Here is how these three metrics (SLI, SLO, and SLA) are related: The service needs to collect KPIs that define the SLI for the service. The service defines thresholds of metrics based on SLO, and monitors the thresholds of metrics so that it does not violate the SLA.

In other words, SLIs are the metrics in the monitoring system. SLOs are alert rules, and SLAs are the numbers of the monitoring metrics, applying to the SLOs.

The SLI and SLO definitions should be collaboratively agreed upon by the Development, SRE, and the Service Offering team. Going with the definition of “you build it, you run it”, each service in the the layered architecture should identify the KPIs for their service and make them measurable. These KPIs are the SLIs that define the SLO for each service.

As mentioned earlier, SLA is external and should not be better than the SLO. SLA is normally a looser objective than the internal SLO and relies on a subset of metrics that make up the SLO.

Resiliency isn’t something that just happens, it takes time and is iterative. It is a result of the organization’s support towards operationalizing the SRE model that’s sustainable and resilient itself. SRE is only as good as the organization supporting it.

Effective SRE depends on how well the SRE model is established.

SRE organization, and how to measure the effectiveness

No matter how well we architect and design a service, failure at some point is inevitable. Aiming to design 100% uptime is futile.

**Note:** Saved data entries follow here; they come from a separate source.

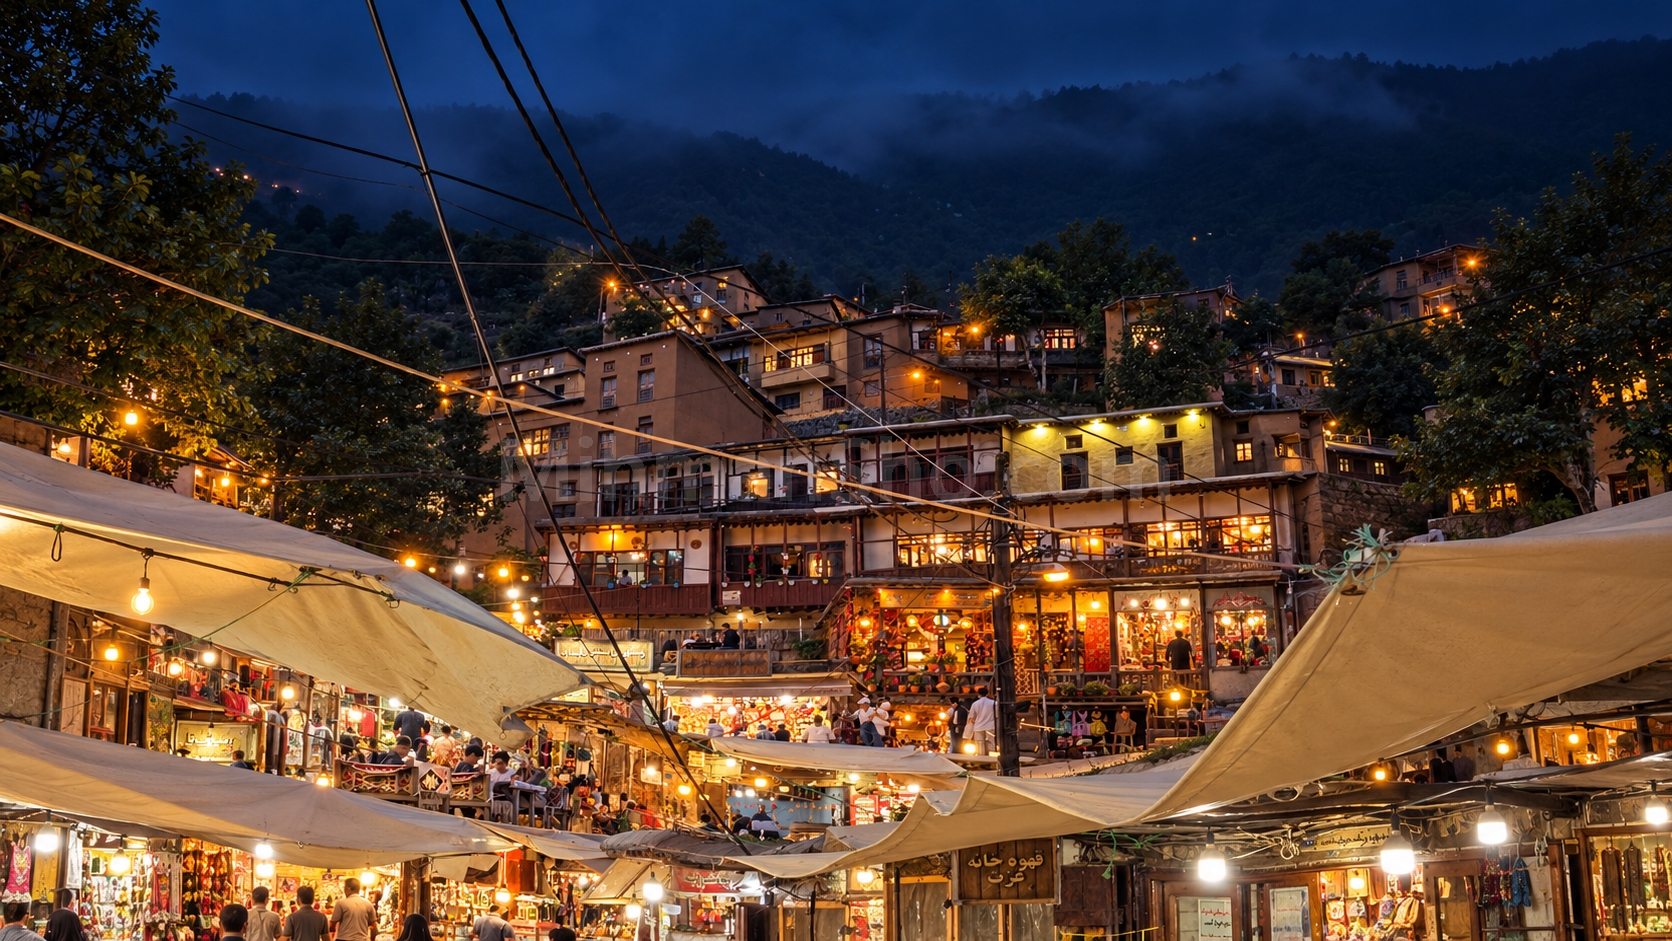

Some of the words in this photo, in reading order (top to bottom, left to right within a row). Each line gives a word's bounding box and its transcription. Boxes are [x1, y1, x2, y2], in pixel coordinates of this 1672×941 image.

[967, 853, 1003, 868] خانه
[1008, 850, 1044, 871] قهوه
[987, 870, 1025, 887] عزت
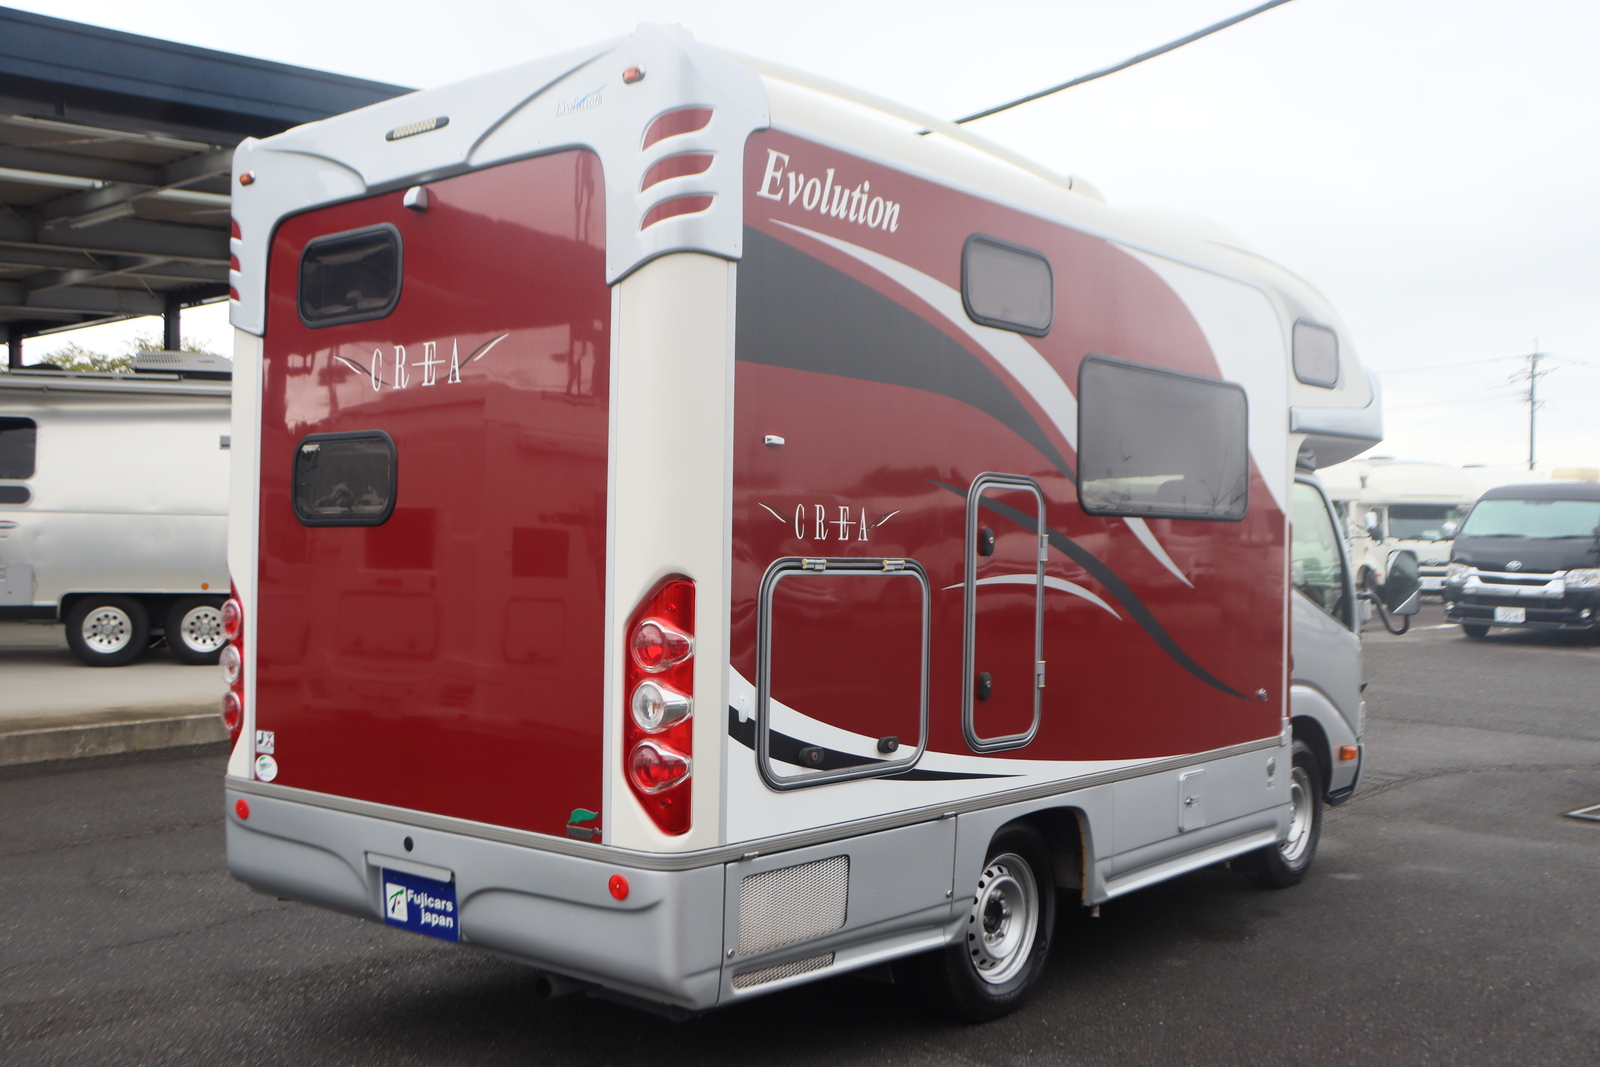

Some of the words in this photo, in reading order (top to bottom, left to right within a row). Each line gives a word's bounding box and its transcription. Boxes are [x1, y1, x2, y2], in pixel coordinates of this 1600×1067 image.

[756, 148, 901, 233] Evolution
[371, 337, 462, 392] CREA
[795, 503, 869, 541] CREA
[407, 888, 454, 913] Fujicars

Aiming for 100% uptime will slow down the development of new features and functions, and that adversely affects consumer satisfaction as well.

Minimizing mean time to recovery (MTTR) is the other side of the SRE coin. By recovering quickly when things go wrong, customers still perceive the service as reliable. How quickly a service returns back to running state highly depends on the operational model of the SRE team.

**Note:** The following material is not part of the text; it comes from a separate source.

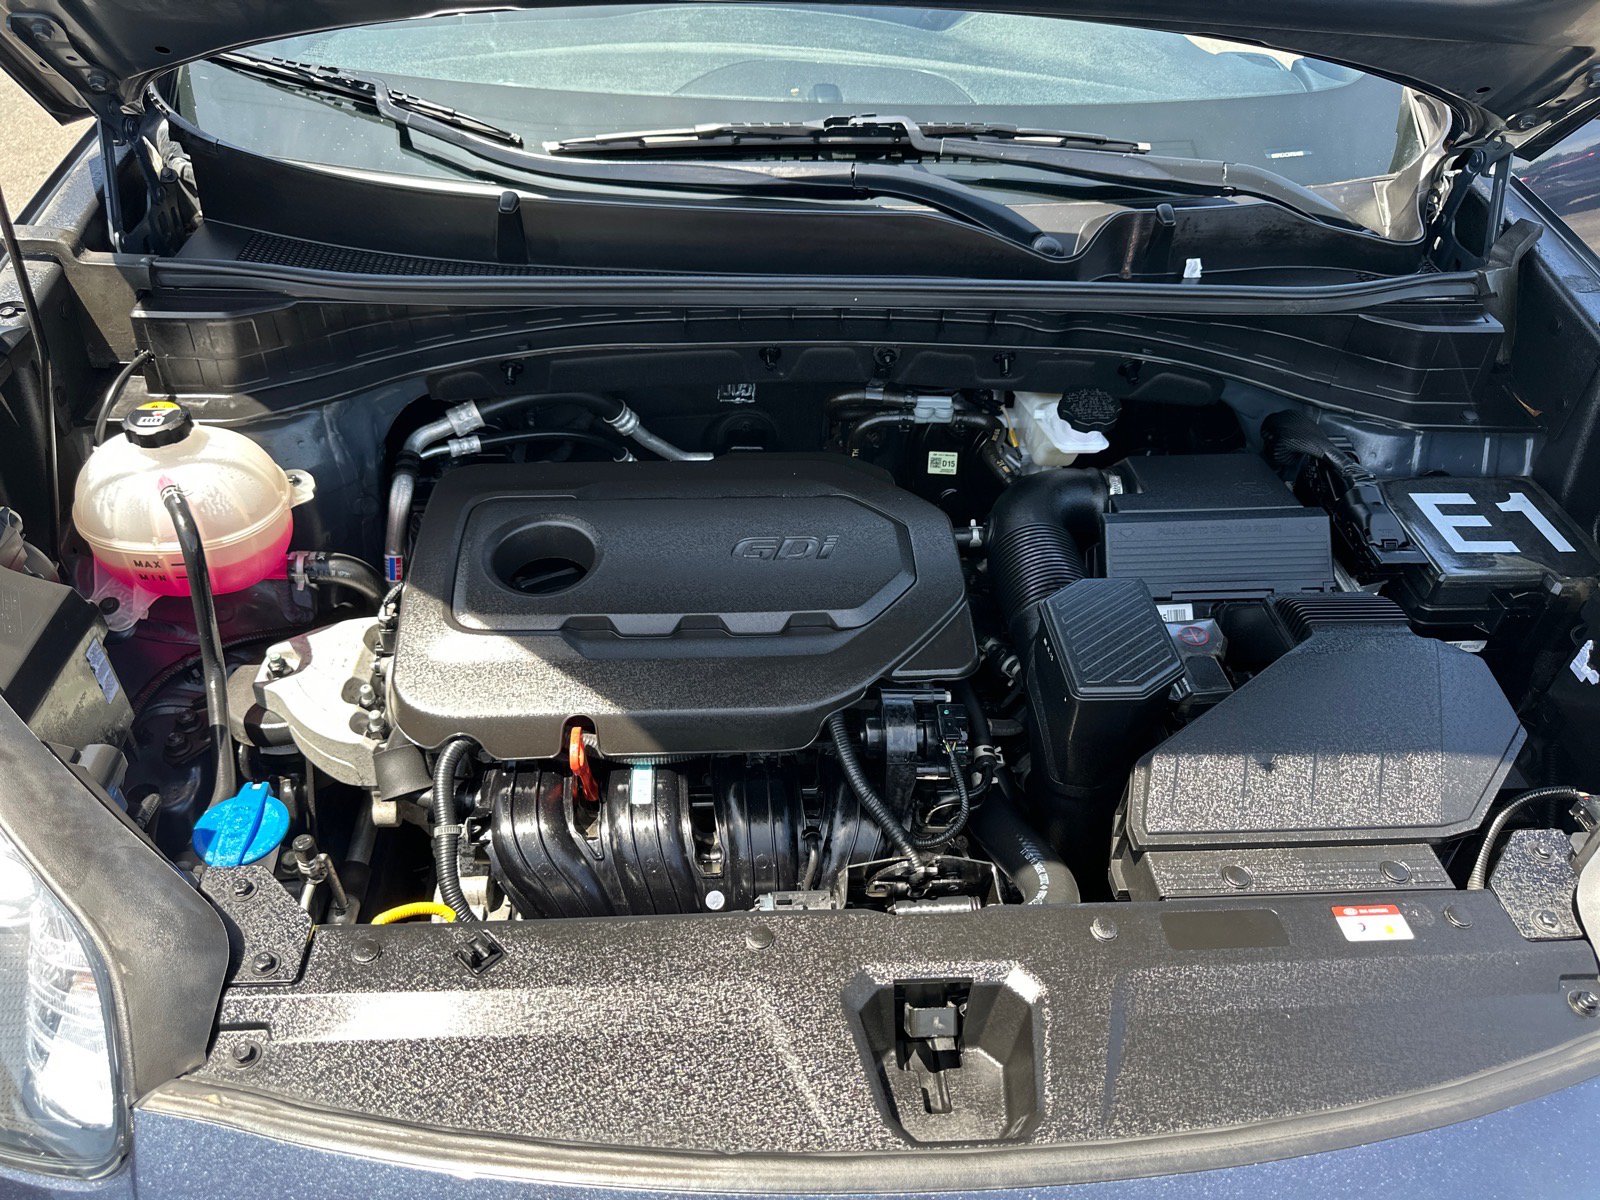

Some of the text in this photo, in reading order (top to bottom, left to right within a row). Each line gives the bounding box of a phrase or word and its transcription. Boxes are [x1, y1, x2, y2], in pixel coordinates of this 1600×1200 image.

[942, 460, 955, 468] D15
[1408, 493, 1576, 553] E1
[133, 559, 162, 569] MAX
[139, 573, 167, 582] MIN

Let’s look at some of the SRE team types.

Embedded SRE refers to SRE embedded in the functional development squads. Development and SRE work together to deliver application performance and reliability by using the same development CICD delivery pipelines and release processes, but they each focus on their own metrics of success.

  • Development focuses on the speed of release of new function
  • SRE focuses on enabling resiliency and reliability for the feature functions being delivered

Dedicated SRE refers to the dedicated SRE team responsible for keeping the service up and running. This team is efficient once the service is mature and stable with established automation and runbooks in place.

Platform SRE refers to the SRE team that takes care of the underlying platform where the services are running, including Kubernetes Cluster, Network, Storage, and so on.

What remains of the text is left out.